Habituellement peu enclin à la polémique, le Commissaire européen aux Affaires économiques Olli Rehn exprime son énervement et qualifie les dégradations d’ « incohérentes ». Devant les caméras de la télévision finlandaise, il dénonce des « institutions privées partiales ayant des intérêts propres et adoptant la ligne de conduite dictée par le capitalisme financier américain ».

Olli Rehn n’est pas le seul à s’énerver contre les agences de notation. Pour beaucoup de responsables européens, elles refusent de considérer tous les efforts réalisés pour améliorer la situation. Certains n‘hésitent pas à rappeler l’aveuglement dont elles ont pu faire preuve lors de la crise des subprimes de 2008 pour relativiser leur efficacité et la justesse de leurs avis.

A l’époque, les agences de notation avaient largement sous-estimé les risques liés aux produits financiers  « à risques ».

La riposte anti « Big Three »

Quoiqu’il en soit, l’Europe a décidé de ne pas rester les bras croisés. En encourageant les banques à se défaire de l’emprise des trois agences de notation et en soutenant la création d’agences concurrentes, l’UE semble bien décidée à contrer la toute-puissance du « Big Three ».

De son côté, Michel Barnier, actuel Commissaire européen aux services financiers, a suggéré d’interdire la publication des notes des pays ayant sollicité l’aide de l’Europe ou du FMI. Si l’idée n’a pas été adoptée, elle traduit néanmoins une volonté de rébellion face aux agences de notation.

En Italie, la riposte est encore plus radicale. La brigade d’investigation financière est allée perquisitionner les locaux de S&P puis de Fitch dans le cadre d’une enquête ouverte par le parquet de Trani. Les agences de notation sont suspectées d’avoir volontairement laissé entendre qu’une nouvelle dégradation de la note du pays pourrait survenir afin de faire plonger les cours en Bourse des banques italiennes.
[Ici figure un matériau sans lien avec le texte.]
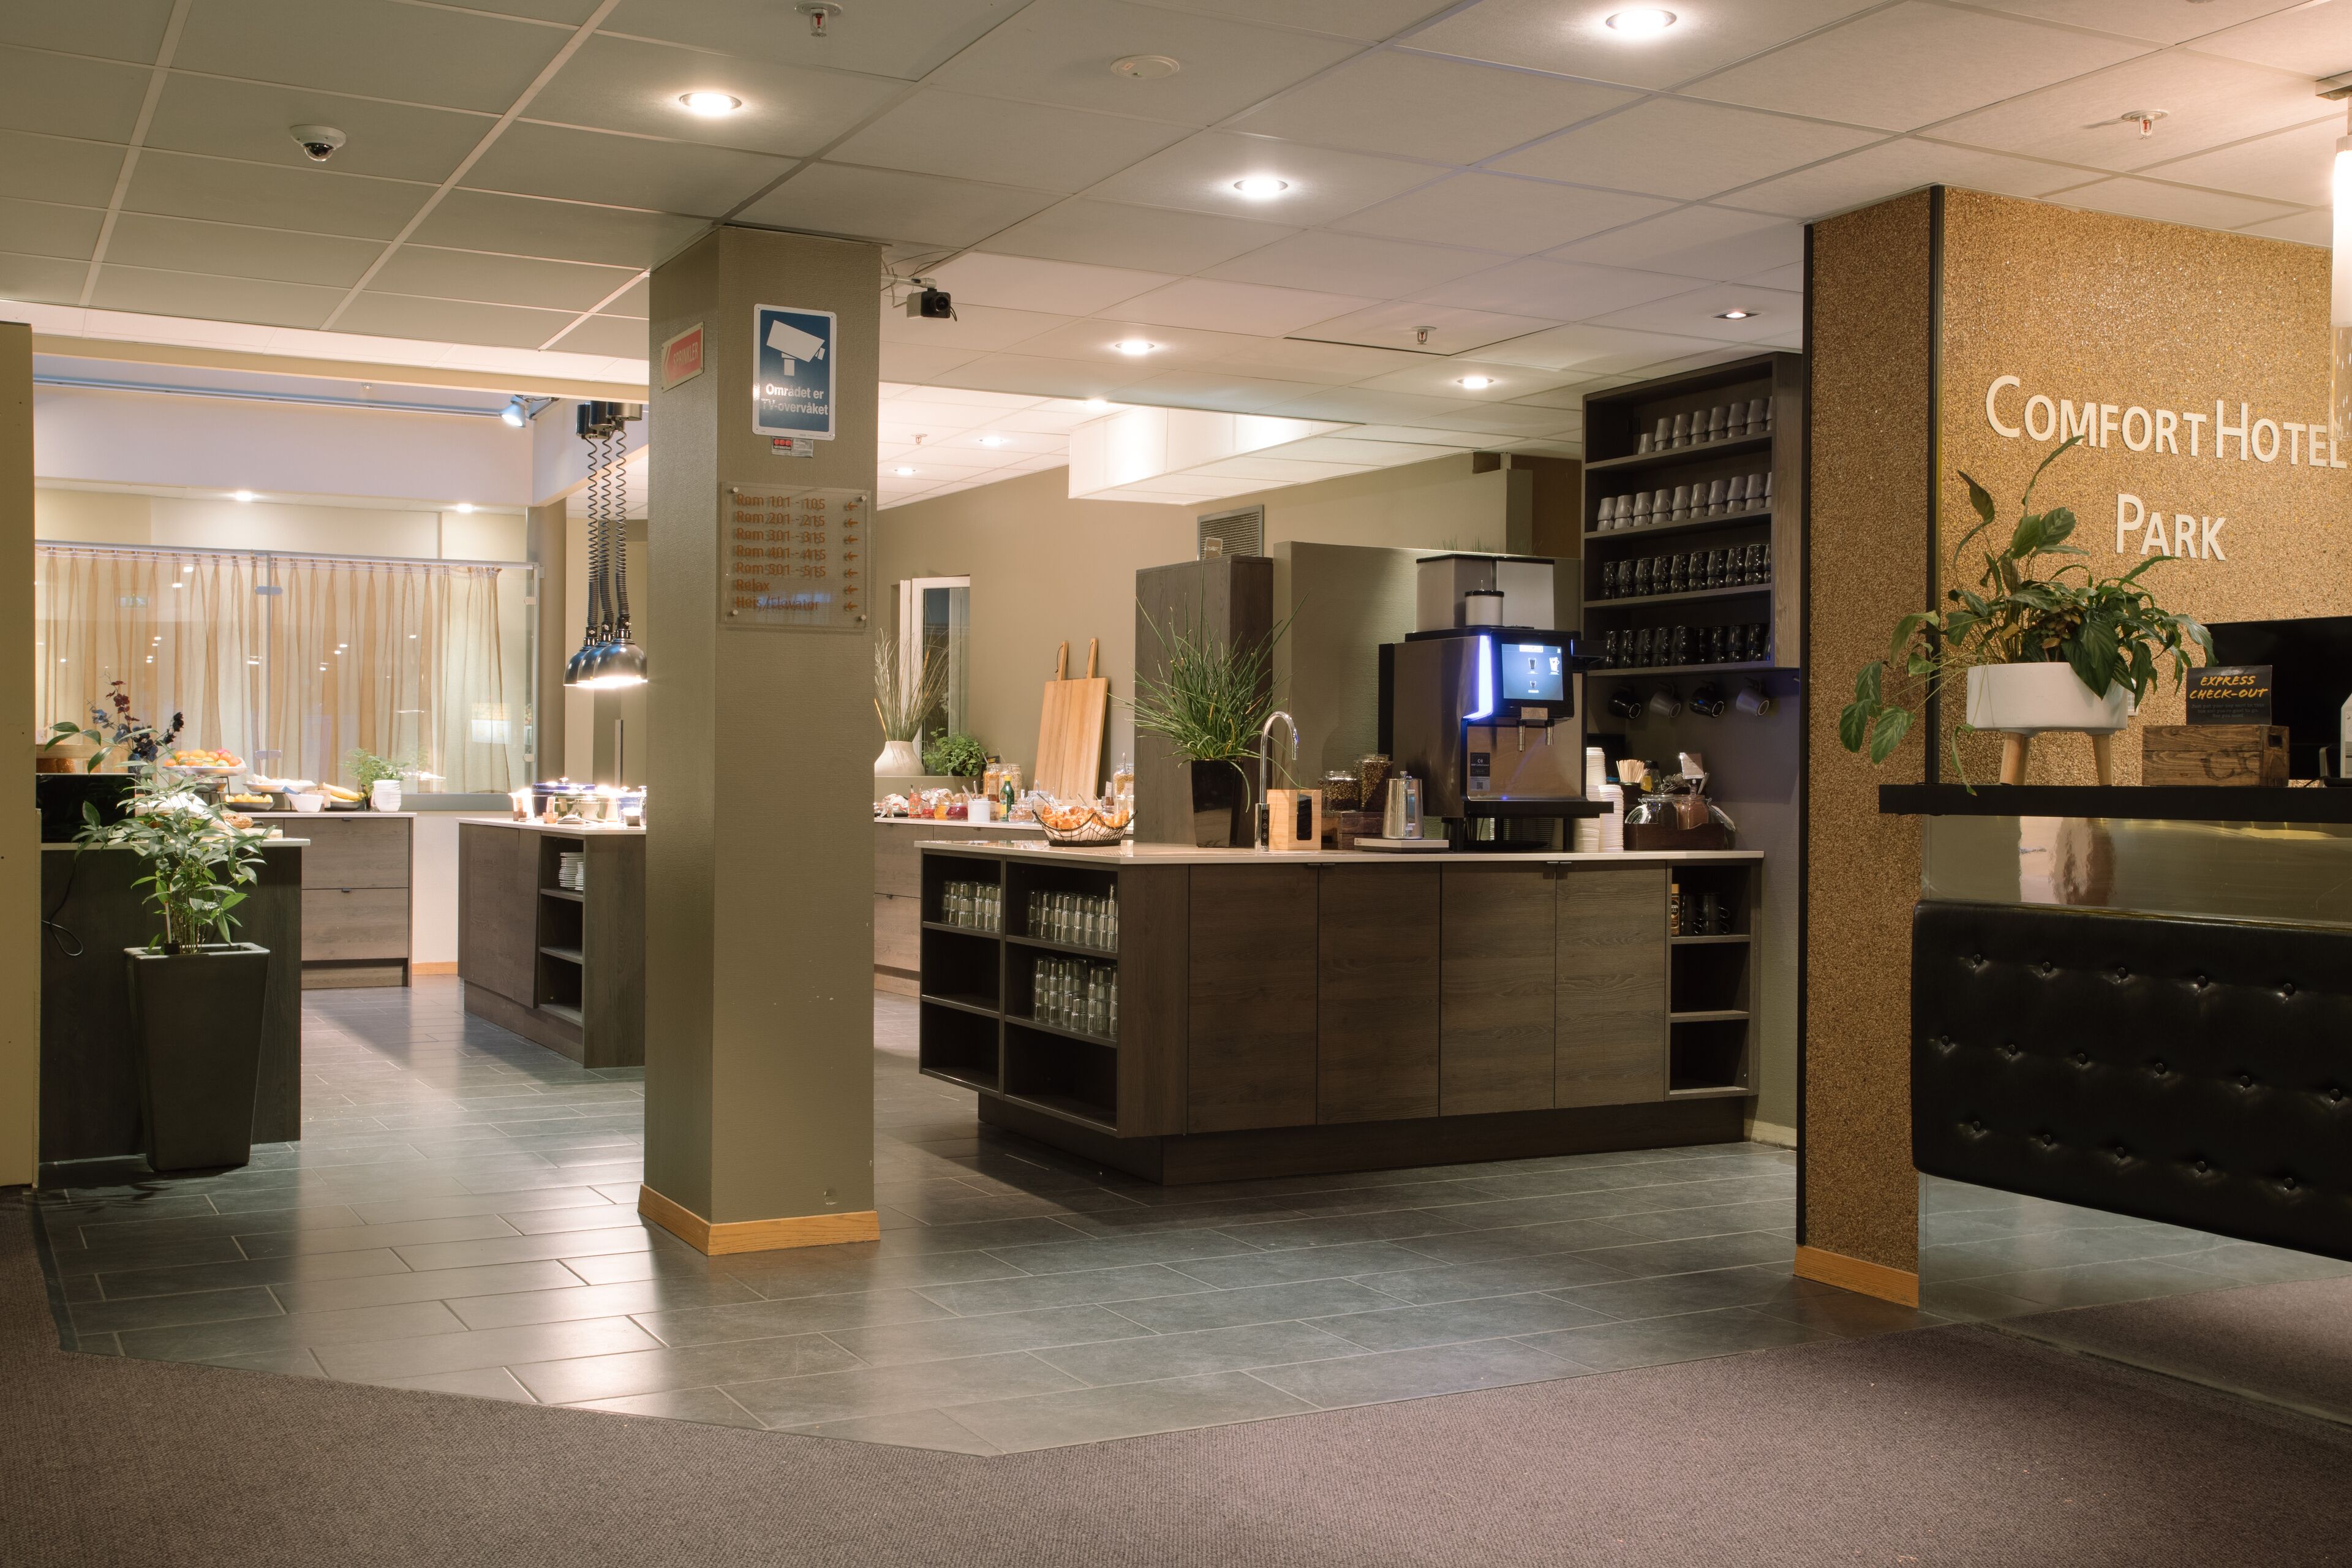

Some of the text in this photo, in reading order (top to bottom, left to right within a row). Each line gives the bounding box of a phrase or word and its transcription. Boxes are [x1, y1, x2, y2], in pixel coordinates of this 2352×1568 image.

[673, 342, 698, 369] SPRINKLER
[765, 383, 824, 400] Området er
[761, 398, 829, 416] TV-overvåket
[1985, 374, 2348, 469] COMFORT HOTEL
[737, 494, 764, 506] Rom
[770, 496, 791, 507] 101
[804, 498, 826, 510] 105
[737, 511, 764, 523] Rom
[769, 512, 790, 524] 201
[803, 514, 825, 527] 215
[737, 528, 764, 540] Rom
[769, 529, 790, 541] 301
[803, 531, 826, 543] 315
[2116, 493, 2227, 562] PARK
[737, 545, 764, 557] Rom
[769, 546, 790, 558] 401
[803, 548, 826, 560] 415
[736, 562, 764, 574] Rom
[769, 564, 790, 575] 501
[803, 565, 826, 577] 515
[736, 578, 770, 592] Relax
[2200, 676, 2256, 686] EXPRESS
[2189, 688, 2268, 699] CHECK-OUT
Les agences ne font pas forcément la pluie et le beau temps

L’Europe a d’ores et déjà remporté une petite victoire : l’Italie, l’Espagne et la France ont pu emprunter à des taux inespérés juste après leur dégradation par S&P. Preuve que l’influence des agences reste limitée dans un marché qui connaît la situation des finances de la zone euro depuis longtemps. Seul le Portugal a souffert de son déclassement en se voyant contraint d’emprunter avec des taux d’intérêts records malgré les réformes d’austérité engagées par le gouvernement.

Le soutien de la Chine

Dans sa guerre contre les agences, l’Europe pourrait même disposer d’un allié inattendu. La Chine a fait savoir par le biais de son agence de presse Xinhua que cette la décision de Standard & Poor’s de dégrader la note d’une bonne partie de la zone euro jetait le doute sur la crédibilité des agences de notation. Tout en reconnaissant des « motifs d’inquiétude légitimes », Pékin s’est montré sceptique quant à cette décision faisant « flancher les marchés alors que la sortie de la crise se profilait ».